- Problem to solve: Keep each entry exactly as written when you repeat it, and skip the images.

- Supplied entries:
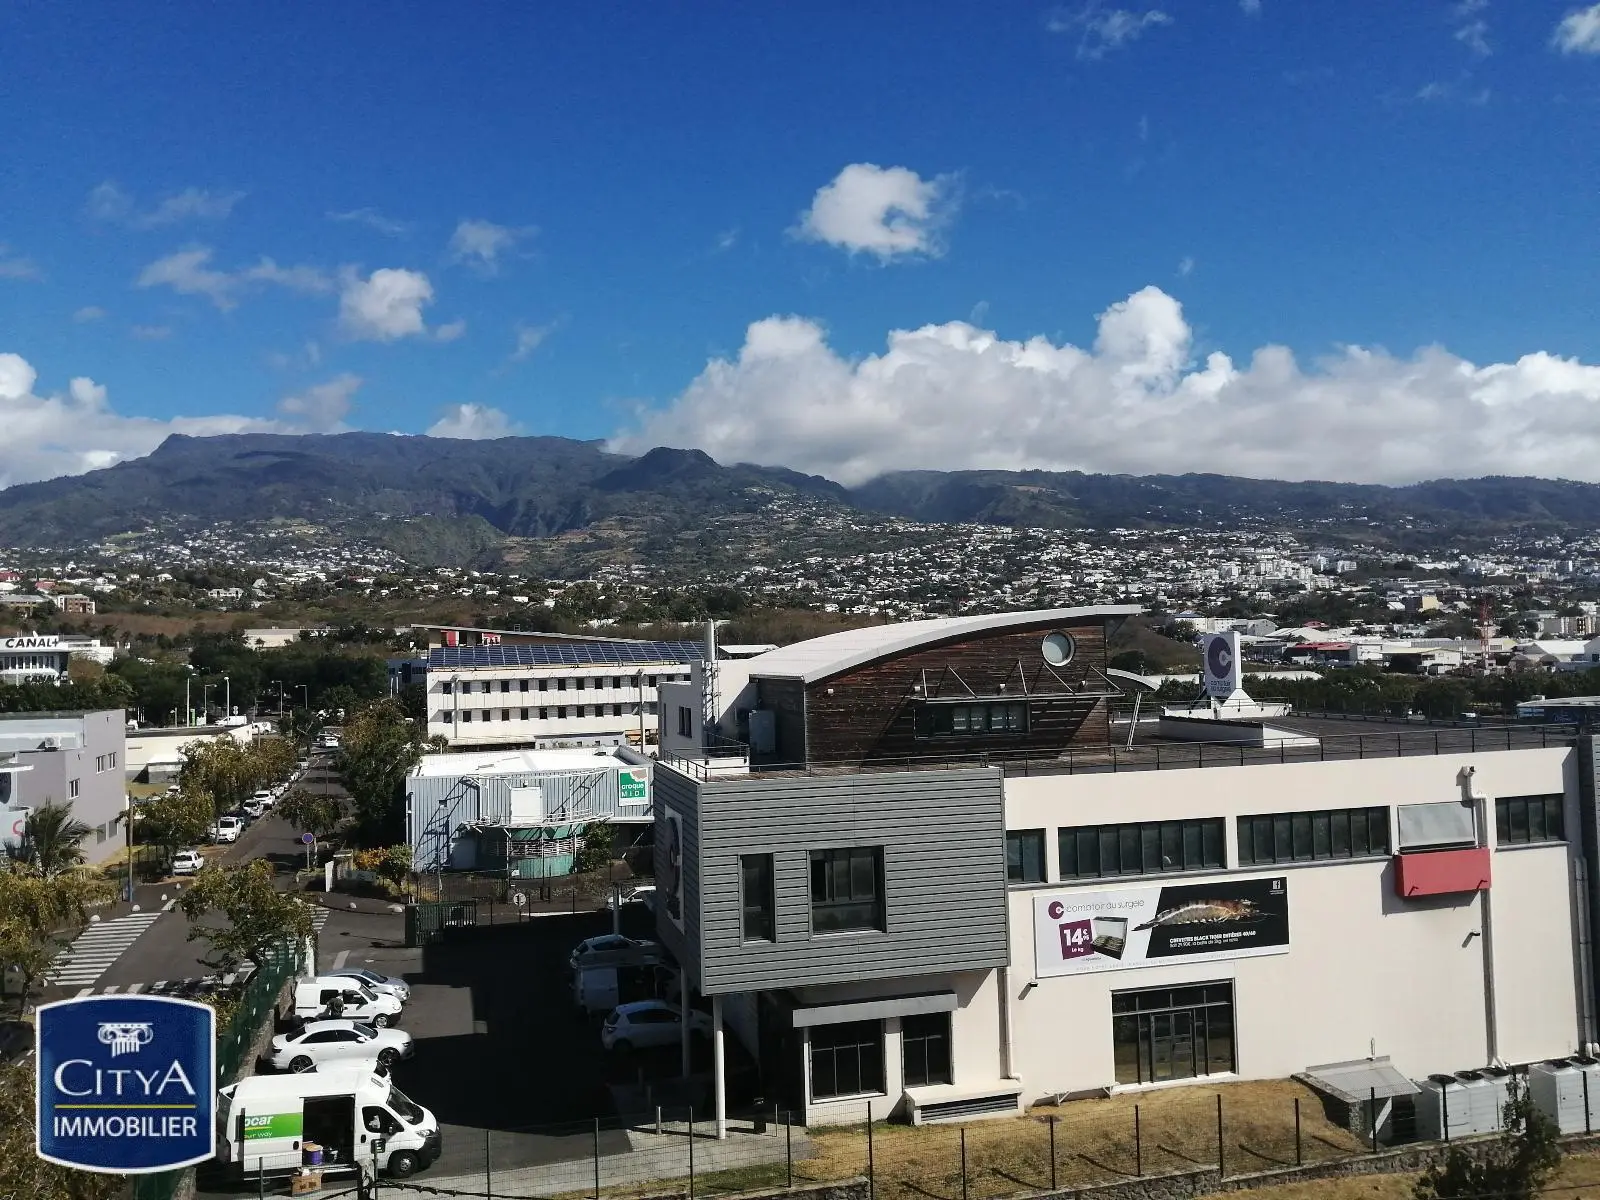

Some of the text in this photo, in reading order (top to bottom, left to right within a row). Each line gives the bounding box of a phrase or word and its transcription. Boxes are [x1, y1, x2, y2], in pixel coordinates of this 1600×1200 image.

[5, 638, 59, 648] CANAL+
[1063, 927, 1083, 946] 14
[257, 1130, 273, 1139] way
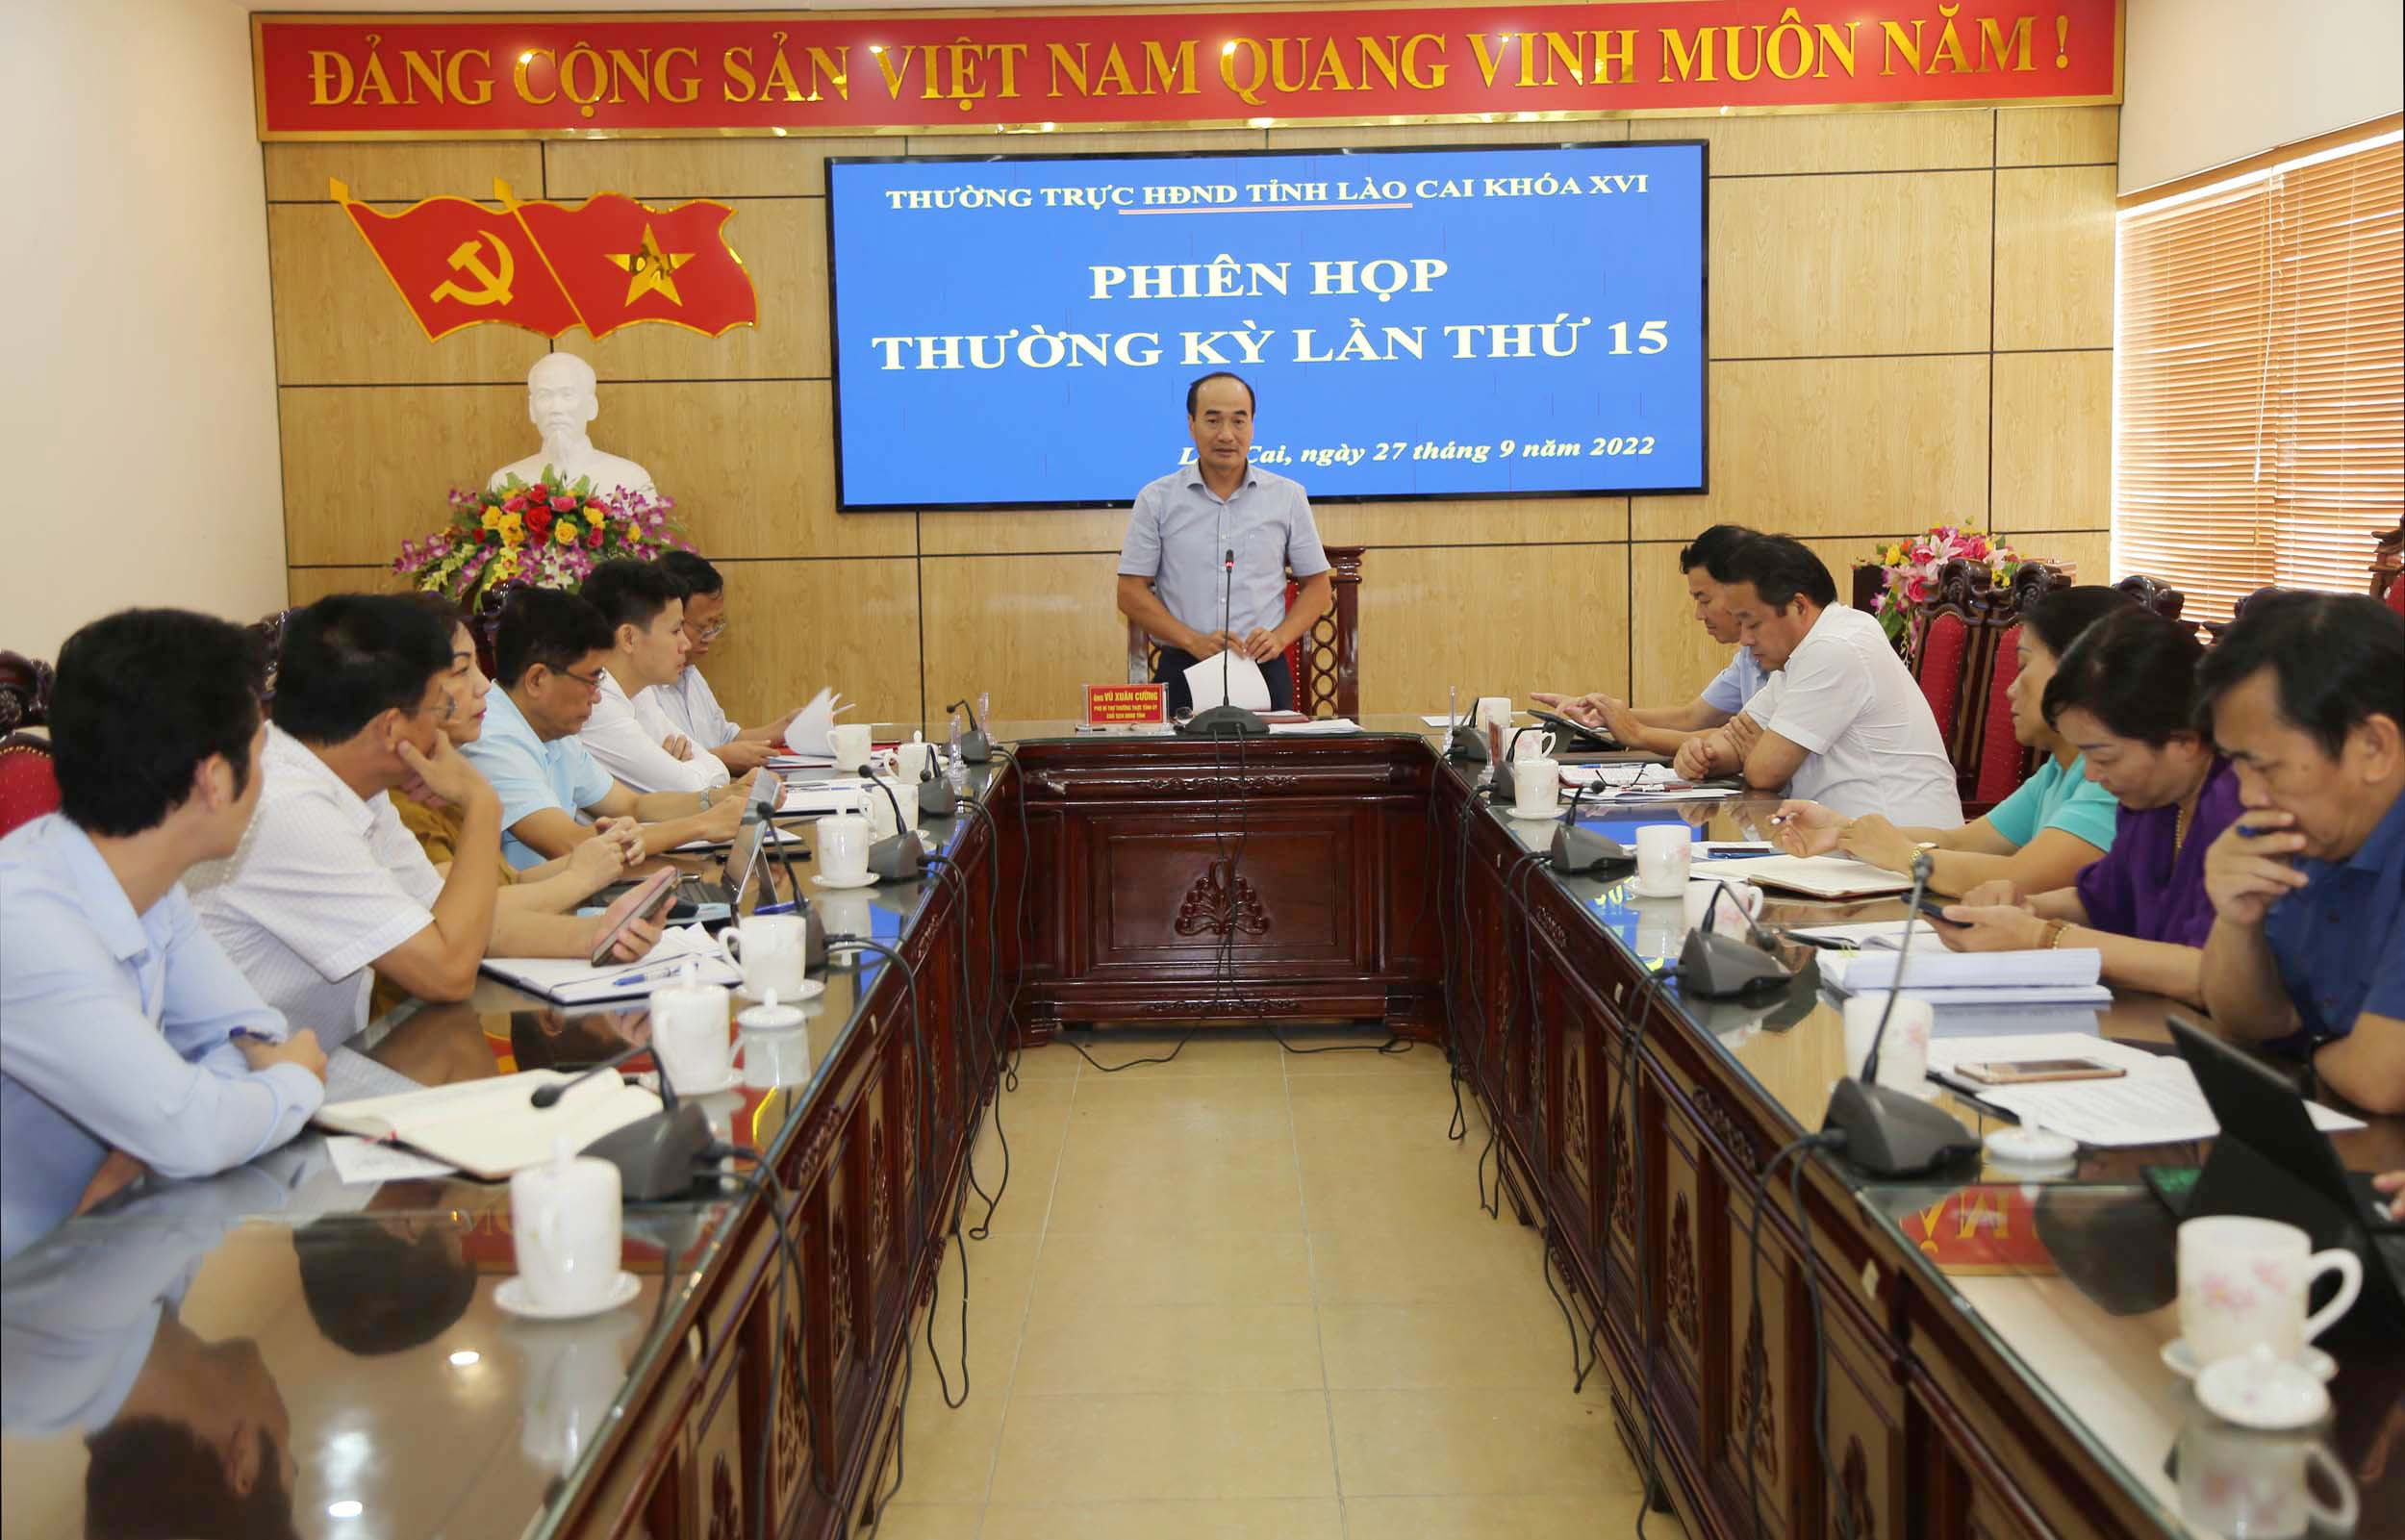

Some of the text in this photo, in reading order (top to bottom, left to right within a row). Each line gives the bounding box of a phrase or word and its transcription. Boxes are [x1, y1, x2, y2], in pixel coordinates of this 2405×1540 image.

- Output below:
Some of the text in this photo, in reading order (top to bottom, left to right within a row). Each line gives the bounding box of a phrase or word and its transcription. Boxes are [x1, y1, x2, y2], in pixel coordinates of this 1600×1200 image.

[5, 638, 59, 648] CANAL+
[1063, 927, 1083, 946] 14
[257, 1130, 273, 1139] way

Some of the text in this photo, in reading order (top to bottom, left to right within a row). Each line gives the bounding box of a phrase or word and its transcription. Boxes are [x1, y1, x2, y2], in pixel coordinates of this 2405×1540 image.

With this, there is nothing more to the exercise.